News
January 5, 2021

Investigations Update: Trump’s Election-Stealing Efforts in Georgia, DeJoy’s Communications, and Giroir’s Covid-19 Text Messages

See the latest in our investigations into voter suppression in Georgia, the president’s efforts to overturn election results, and the postmaster general’s communications.

President Trump’s Election-Stealing Efforts in Georgia
On Sunday, the Washington Post released audio from a Jan. 2 call in which President Donald Trump requested that Georgia Secretary of State Brad Raffensperger “find 11,780 votes” needed for him to change the state’s election results. During the hourlong call, Trump referenced several conspiracy theories and said that it would be “a criminal offense” if Raffensperger and his chief counsel, Ryan Germany, couldn’t locate more votes in Trump’s favor.

The call is a new low in the president’s unprecedented attempts to overturn the results of a valid election, and legal experts have said it potentially broke federal and state election laws. Trump’s anti-democratic and corrupt efforts to cling to power are hardly surprising at this point, but the public needs to know what else he — and those who have abetted those efforts — have done to pressure Georgia’s state leaders.

On Tuesday, American Oversight filed records requests with the offices of Georgia governor and secretary of state, seeking officials’ communications about the Jan. 2 call. The requests also seek any emails or text messages between those offices and external individuals associated with Trump’s voter-fraud conspiracy, including conservative lawyer Cleta Mitchell and White House Chief of Staff Mark Meadows, both of whom were on the call. Trump lawyers Sidney Powell, Rudy Giuliani, and anyone communicating from email addresses associated with the White House or the Trump campaign are also included in the requests.
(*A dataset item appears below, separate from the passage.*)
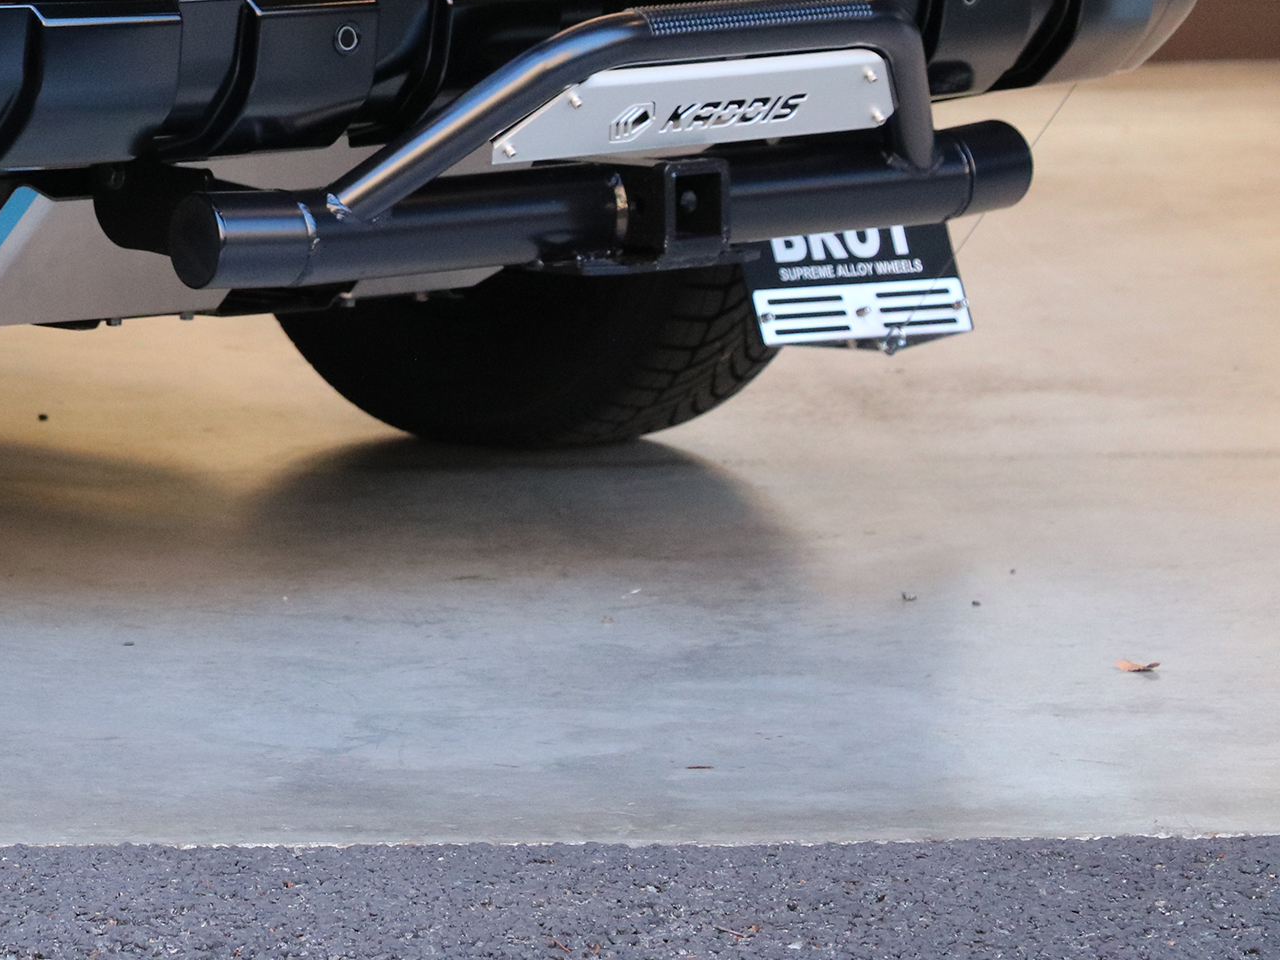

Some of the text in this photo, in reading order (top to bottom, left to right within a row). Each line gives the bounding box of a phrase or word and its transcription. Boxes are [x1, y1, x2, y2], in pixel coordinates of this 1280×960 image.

[778, 258, 923, 282] SUPREME ALLOY WHEELS
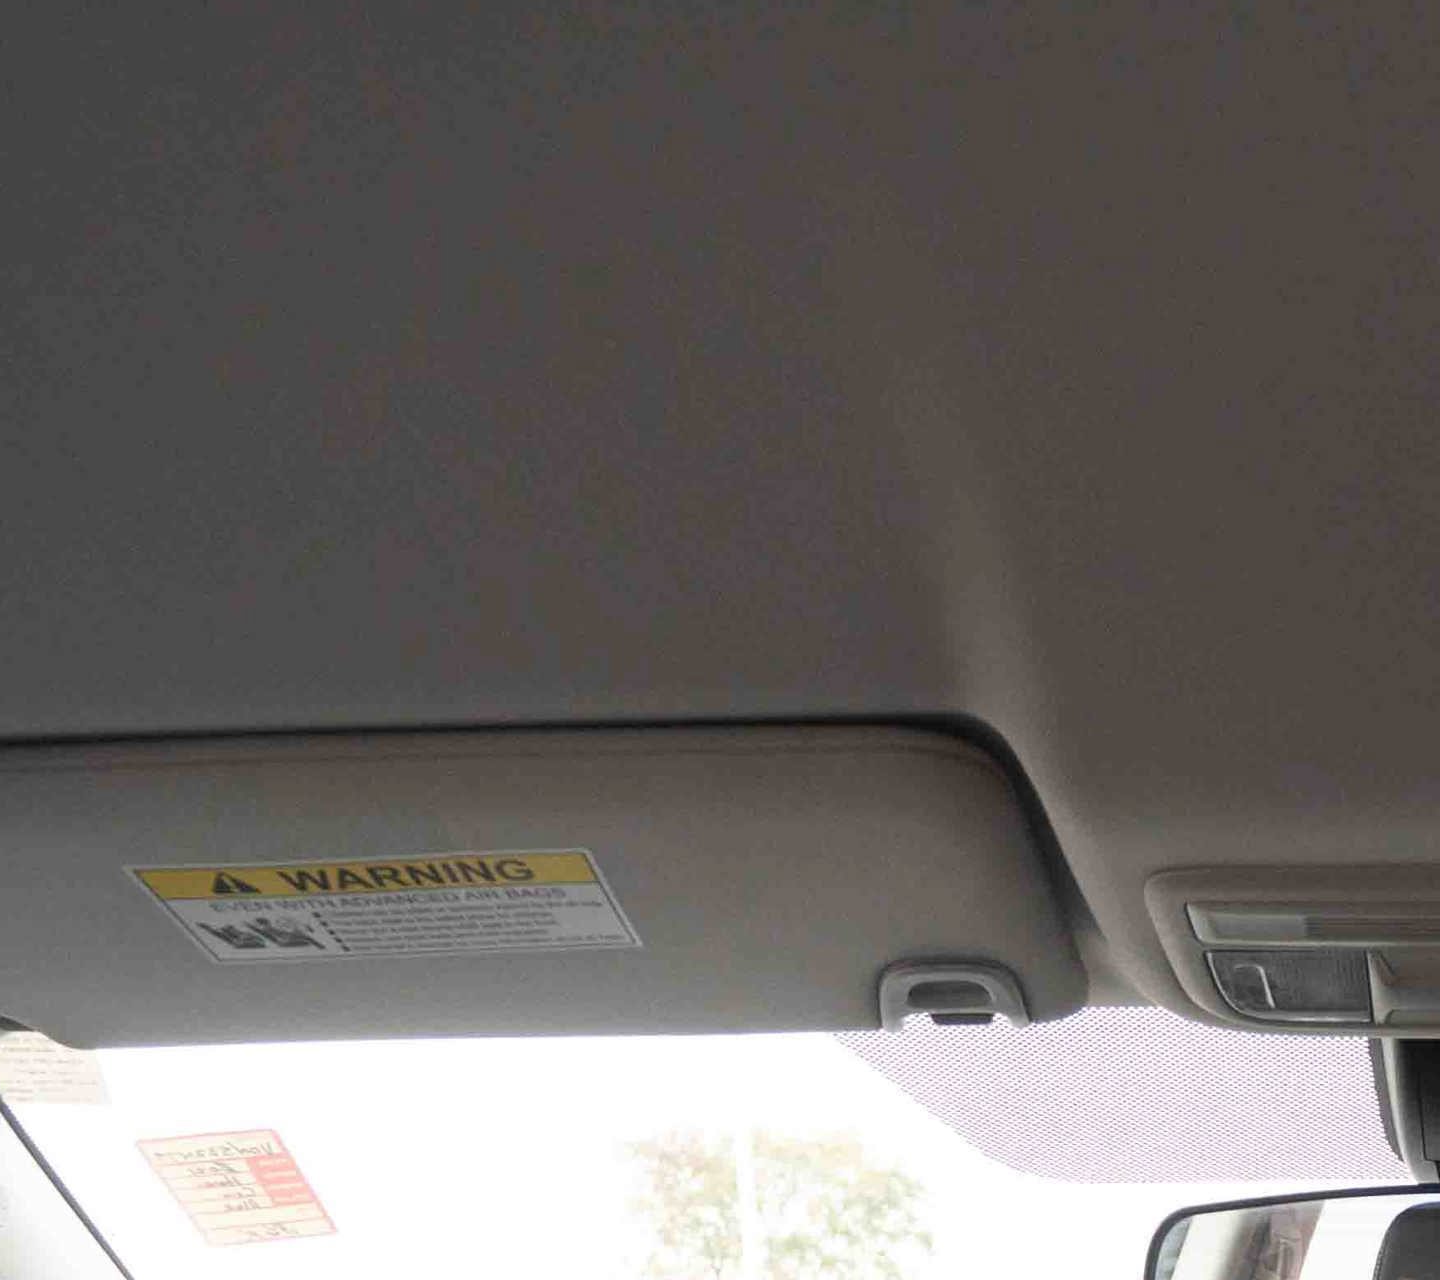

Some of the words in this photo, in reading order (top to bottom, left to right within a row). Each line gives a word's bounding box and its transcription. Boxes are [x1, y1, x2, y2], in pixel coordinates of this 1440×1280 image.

Georgia Voter-Registration Challenges
In late December, we sued Georgia’s Muscogee County for failing to respond to requests for records related to the effort by a right-wing group to disenfranchise hundreds of thousands of Georgia voters ahead of this week’s Senate runoff election. The group True the Vote, working through activists in the state and citing questionable data, announced last month that it was challenging the registration statuses of 364,541 voters, and Muscogee County election officials voted to require 4,000 voters to submit provisional ballots and additional proof of residency. A federal judge has since ordered Muscogee County to reverse that decision.
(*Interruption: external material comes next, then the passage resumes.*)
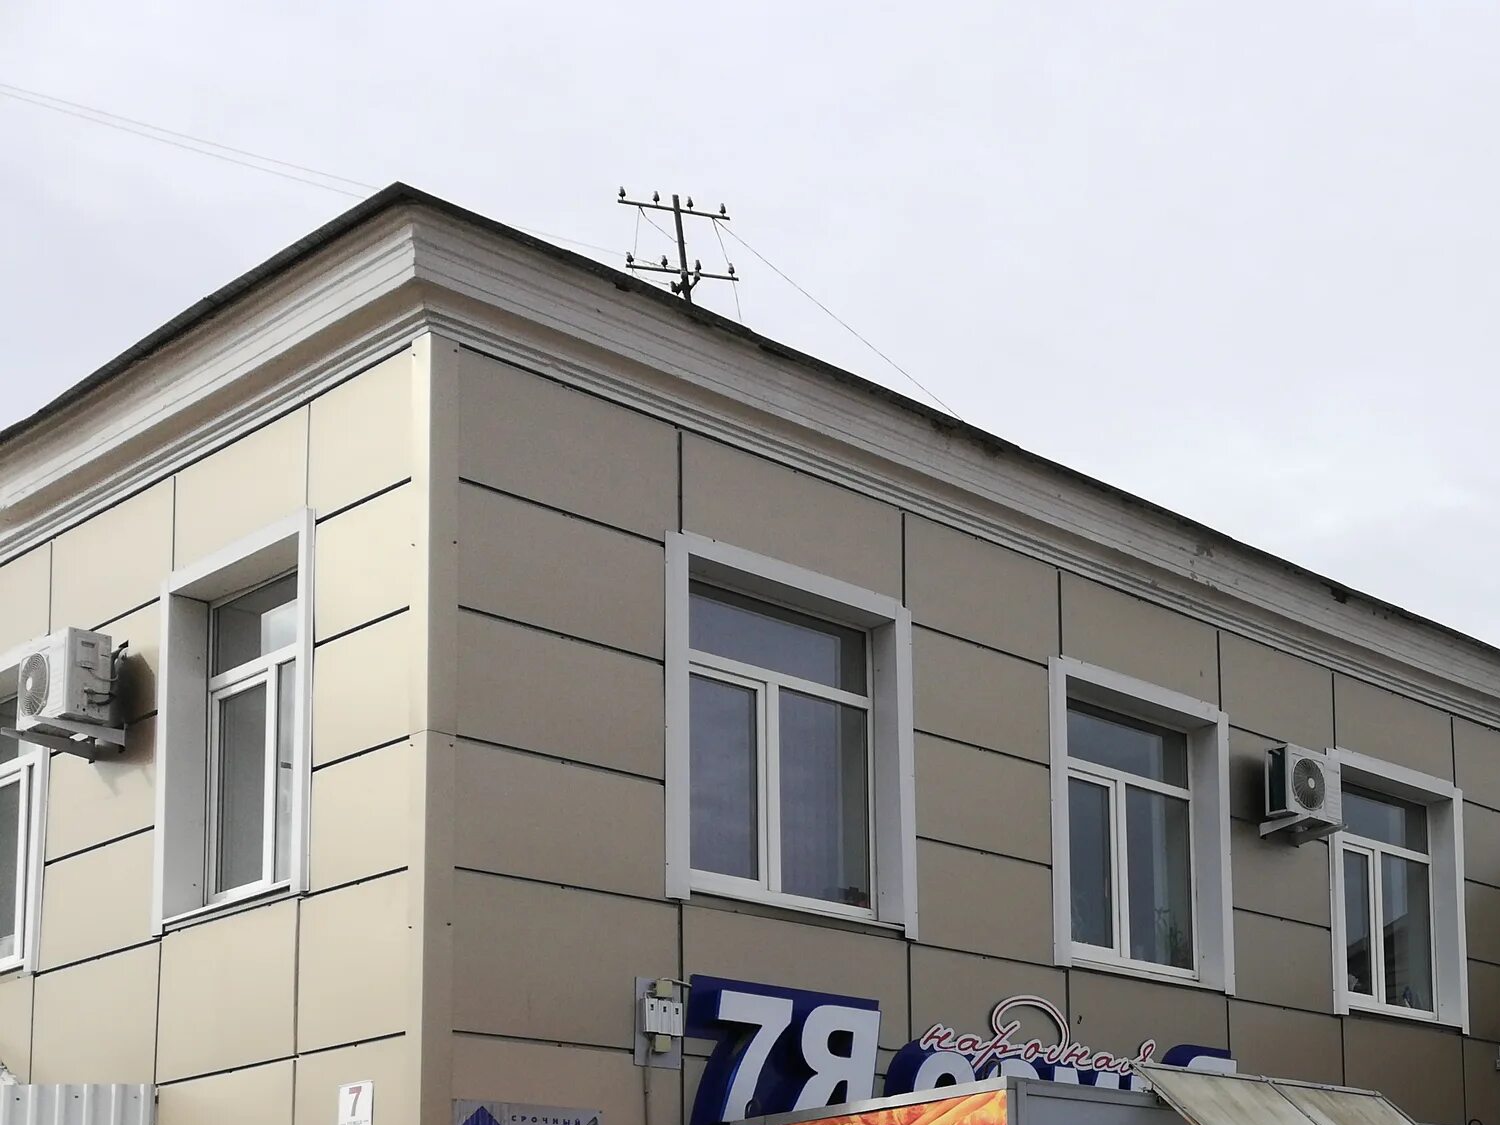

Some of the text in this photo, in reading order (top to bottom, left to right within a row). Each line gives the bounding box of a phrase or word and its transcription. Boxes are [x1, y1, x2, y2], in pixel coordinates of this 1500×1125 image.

[716, 989, 881, 1124] 7Я
[348, 1085, 362, 1117] 7
[511, 1114, 581, 1125] СРОЧНЫЙ
American Oversight’s lawsuit seeks records of county officials’ communications with True the Vote or the Public Interest Legal Foundation, another voting-restriction activist group. We also partnered with All Voting is Local to file requests with all counties in Georgia for any lists submitted by True the Vote, the Republican Party, or other outside groups challenging individuals’ voting eligibility.
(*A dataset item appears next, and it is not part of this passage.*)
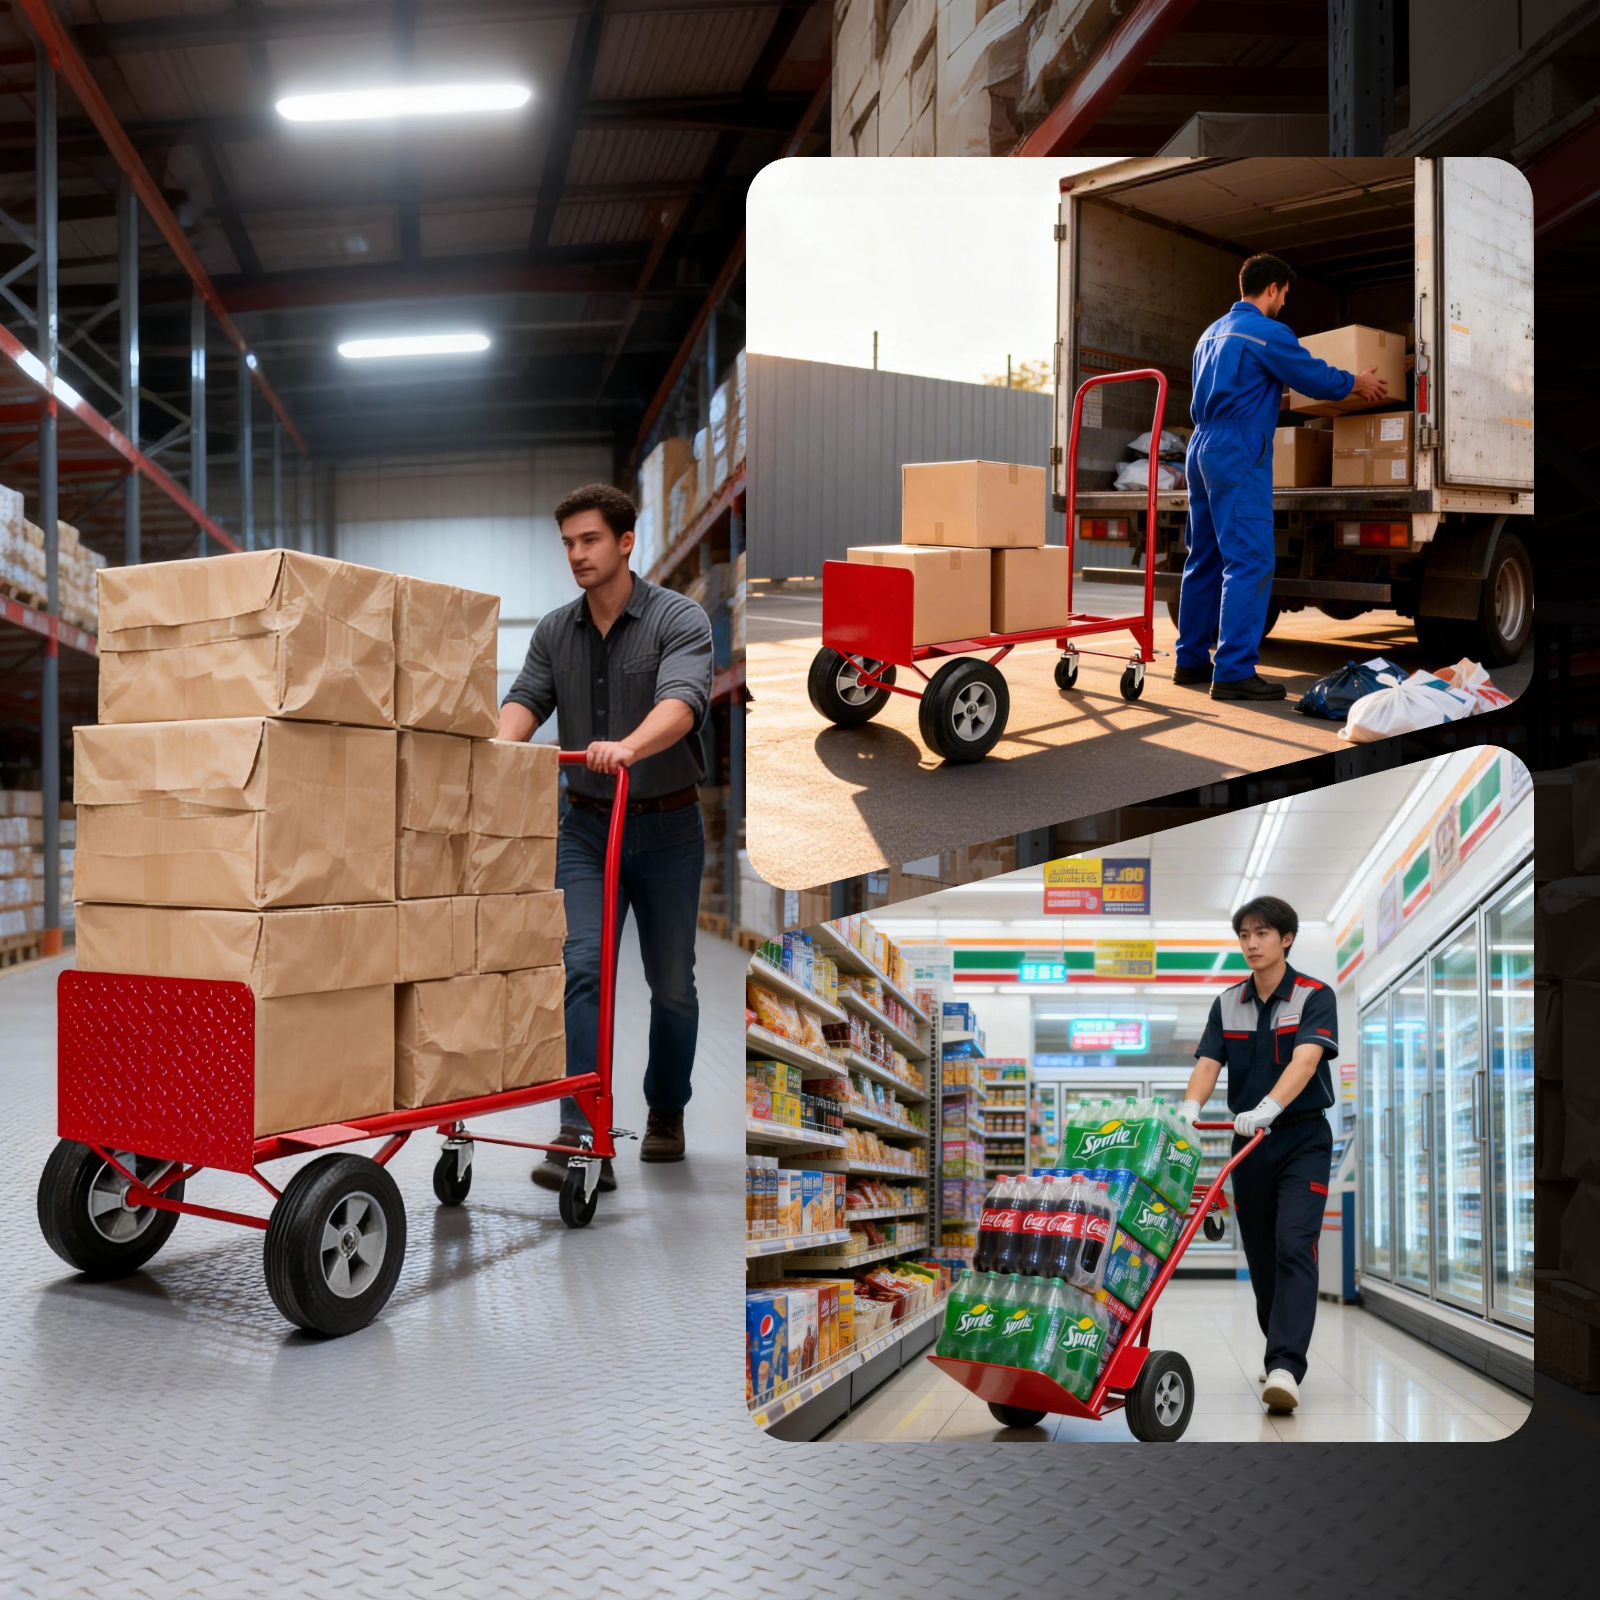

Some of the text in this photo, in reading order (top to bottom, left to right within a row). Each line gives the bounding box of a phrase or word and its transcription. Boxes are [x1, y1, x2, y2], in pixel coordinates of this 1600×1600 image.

Postmaster General DeJoy’s Presidential Transition Communications
Up until his appointment as postmaster general, Louis DeJoy was the lead fundraiser for the 2020 Republican National Convention that had been originally planned for Charlotte, N.C. From his status as a Republican Party megadonor to policy changes at the USPS that may have affected the timely delivery of 2020 election ballots, concerns about DeJoy’s partisan history have not dissipated. We filed Freedom of Information Act requests with USPS for communications concerning the presidential transition, as well as for communications with the offices of Senate Majority Leader Mitch McConnell and Sen. Ron Johnson.

Adm. Brett Giroir’s Text Messages
Last month, Department of Health and Human Services Assistant Secretary Adm. Brett Giroir — coordinator of the Trump administration’s Covid-19 testing efforts — spoke at a virtual meeting of chemistry experts about testing rollout issues in the United States. Giroir said that testing shortages are a result of production limitations and “not a fault of the administration,” but in recent months, reports have emerged that the federal deployment of tests has also been impeded by the administration’s poor communication with state health officials. We previously obtained records that indicate Giroir conducts official agency business through text messages, so we sent a FOIA request to HHS for Giroir’s text messages regarding the administration’s response to the coronavirus pandemic.